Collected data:
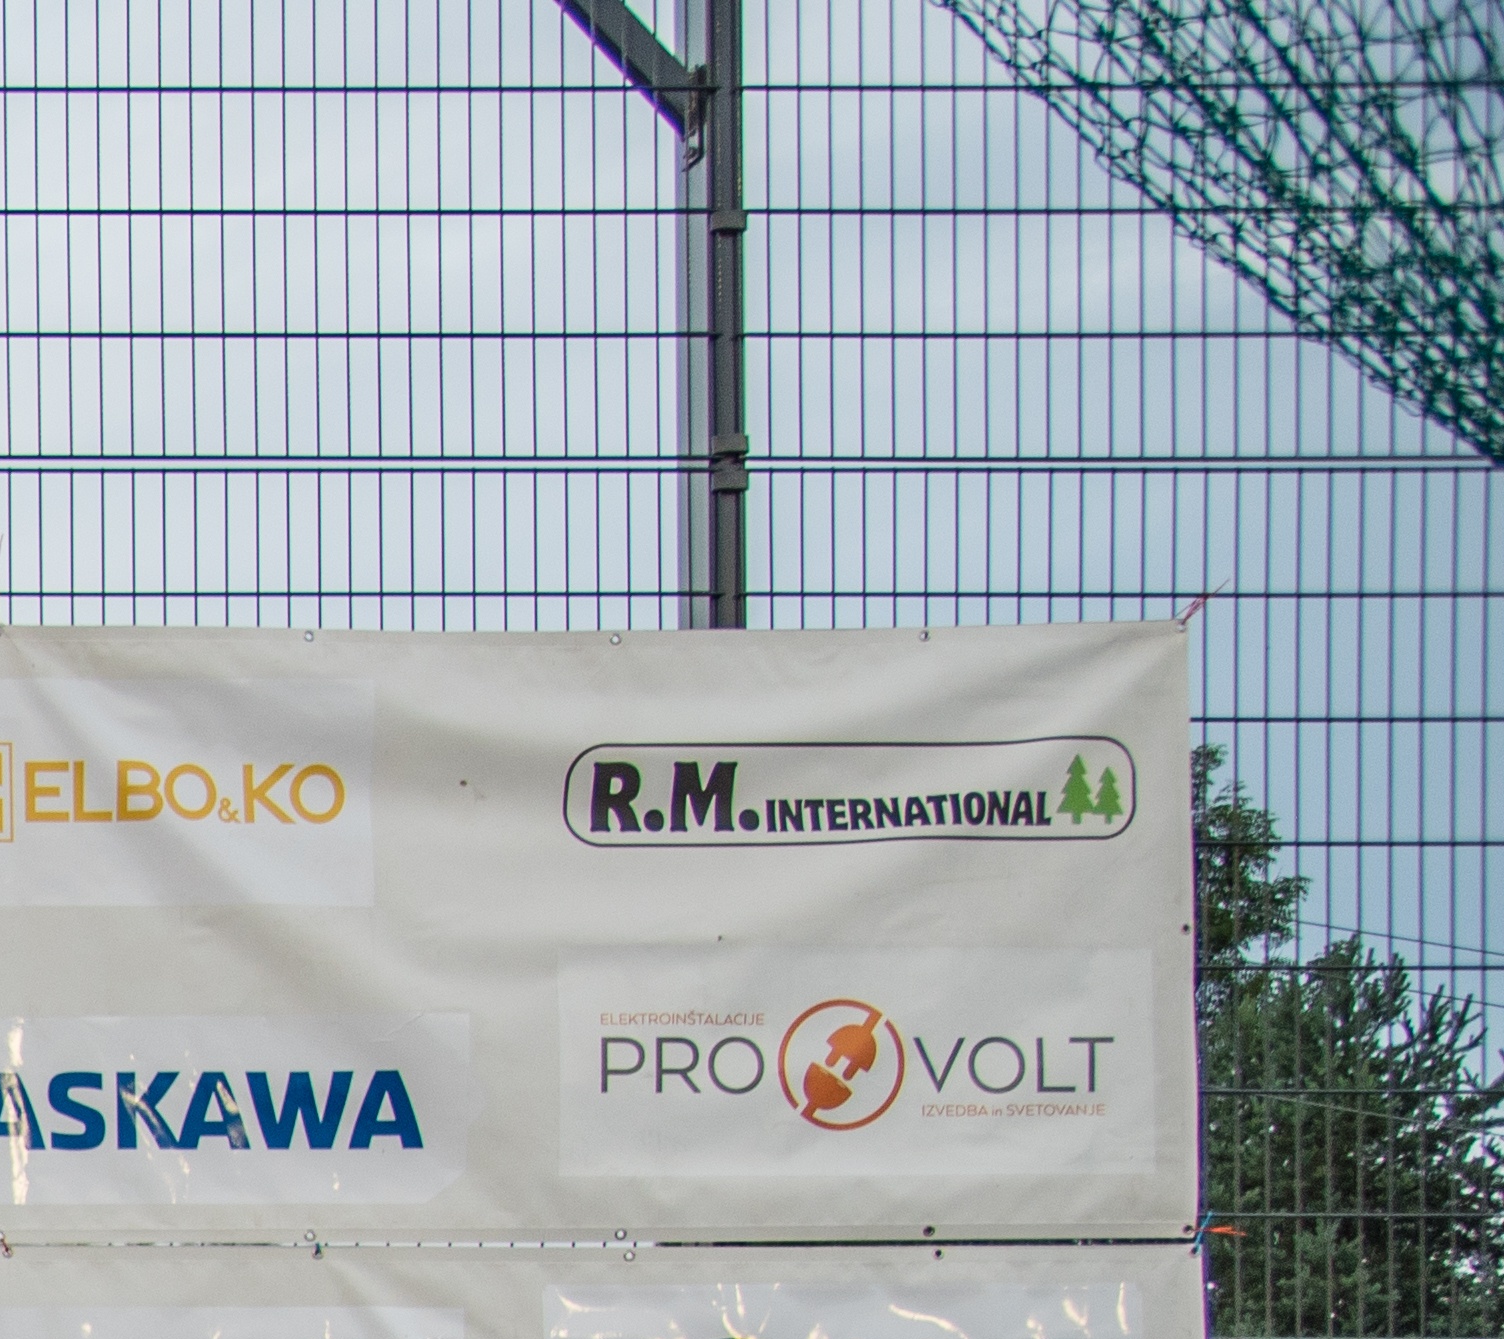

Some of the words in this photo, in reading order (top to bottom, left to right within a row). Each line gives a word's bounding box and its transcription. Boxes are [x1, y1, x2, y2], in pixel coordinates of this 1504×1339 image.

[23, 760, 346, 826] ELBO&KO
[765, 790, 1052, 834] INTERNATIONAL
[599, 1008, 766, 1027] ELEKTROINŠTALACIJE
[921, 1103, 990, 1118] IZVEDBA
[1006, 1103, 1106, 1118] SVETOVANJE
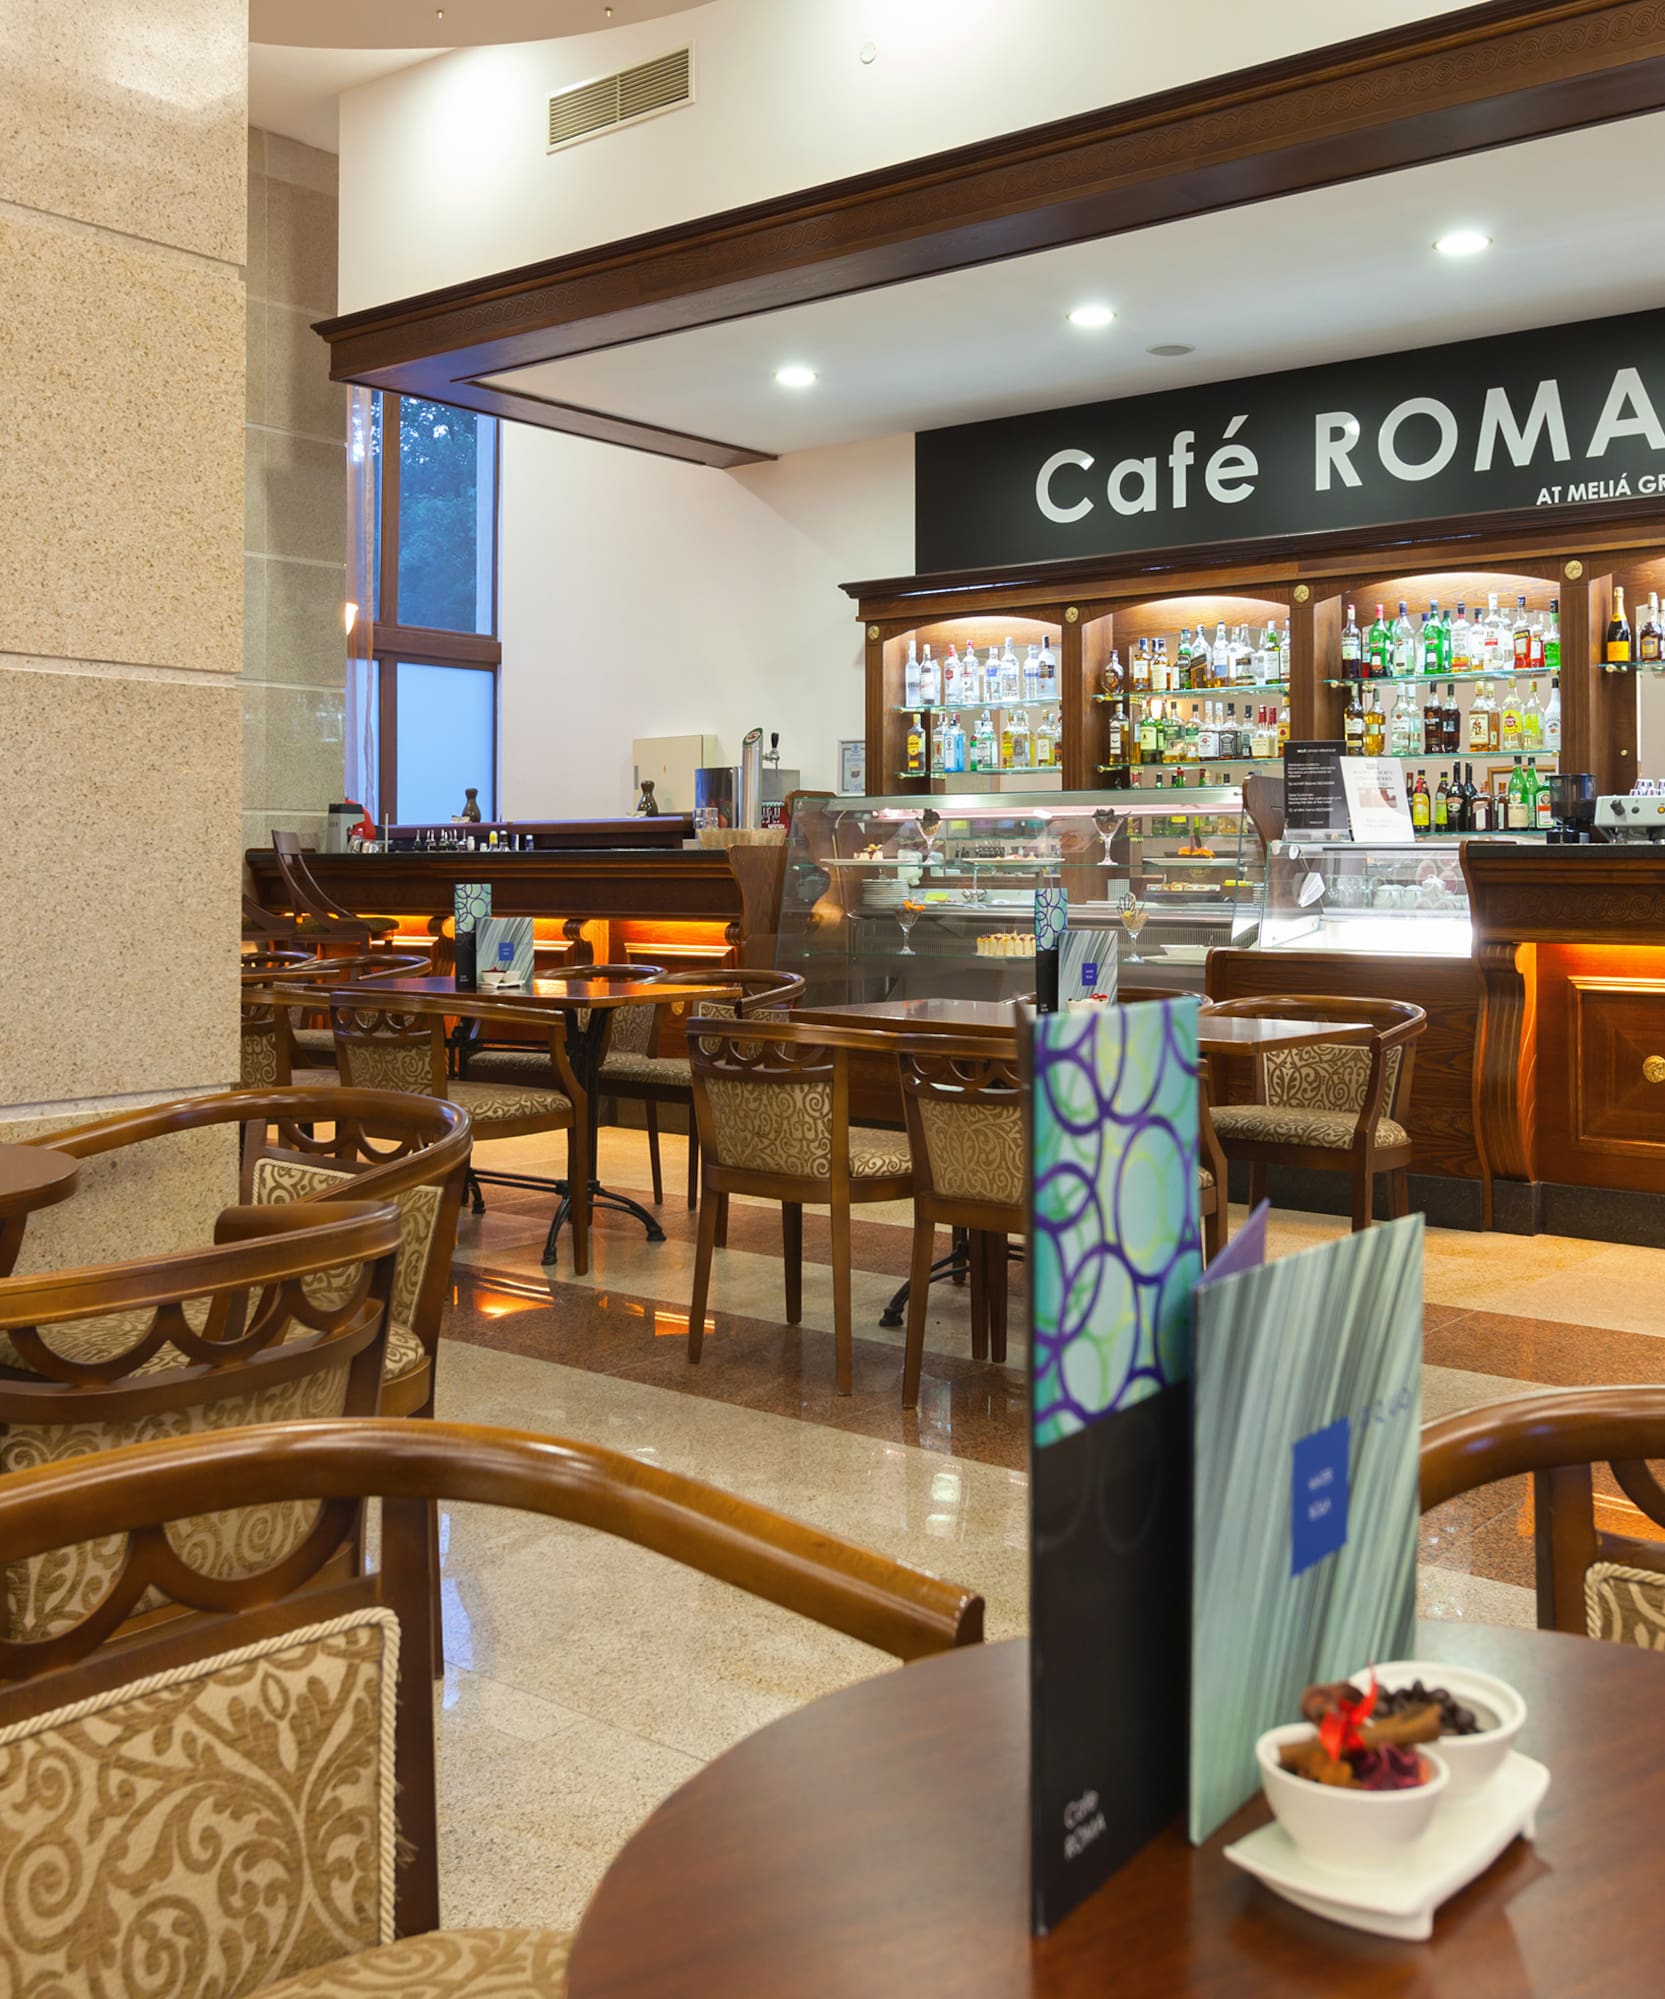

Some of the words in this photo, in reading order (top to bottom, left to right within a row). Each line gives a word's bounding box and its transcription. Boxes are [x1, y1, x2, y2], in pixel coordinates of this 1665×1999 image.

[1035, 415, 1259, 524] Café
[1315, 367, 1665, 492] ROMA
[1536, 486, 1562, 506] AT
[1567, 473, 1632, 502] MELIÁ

(WHAT NEEDS TO BE DONE) Each record needs to be reproduced exactly, and no image should be carried over.

(RESPONSE AREA)
Some of the words in this photo, in reading order (top to bottom, left to right within a row). Each line gives a word's bounding box and its transcription. Boxes are [x1, y1, x2, y2], in pixel coordinates of this 1504×1339 image.

[23, 760, 346, 826] ELBO&KO
[765, 790, 1052, 834] INTERNATIONAL
[599, 1008, 766, 1027] ELEKTROINŠTALACIJE
[921, 1103, 990, 1118] IZVEDBA
[1006, 1103, 1106, 1118] SVETOVANJE

Some of the words in this photo, in reading order (top to bottom, left to right within a row). Each line gives a word's bounding box and its transcription. Boxes are [x1, y1, x2, y2], in pixel coordinates of this 1665×1999 image.

[1035, 415, 1259, 524] Café
[1315, 367, 1665, 492] ROMA
[1536, 486, 1562, 506] AT
[1567, 473, 1632, 502] MELIÁ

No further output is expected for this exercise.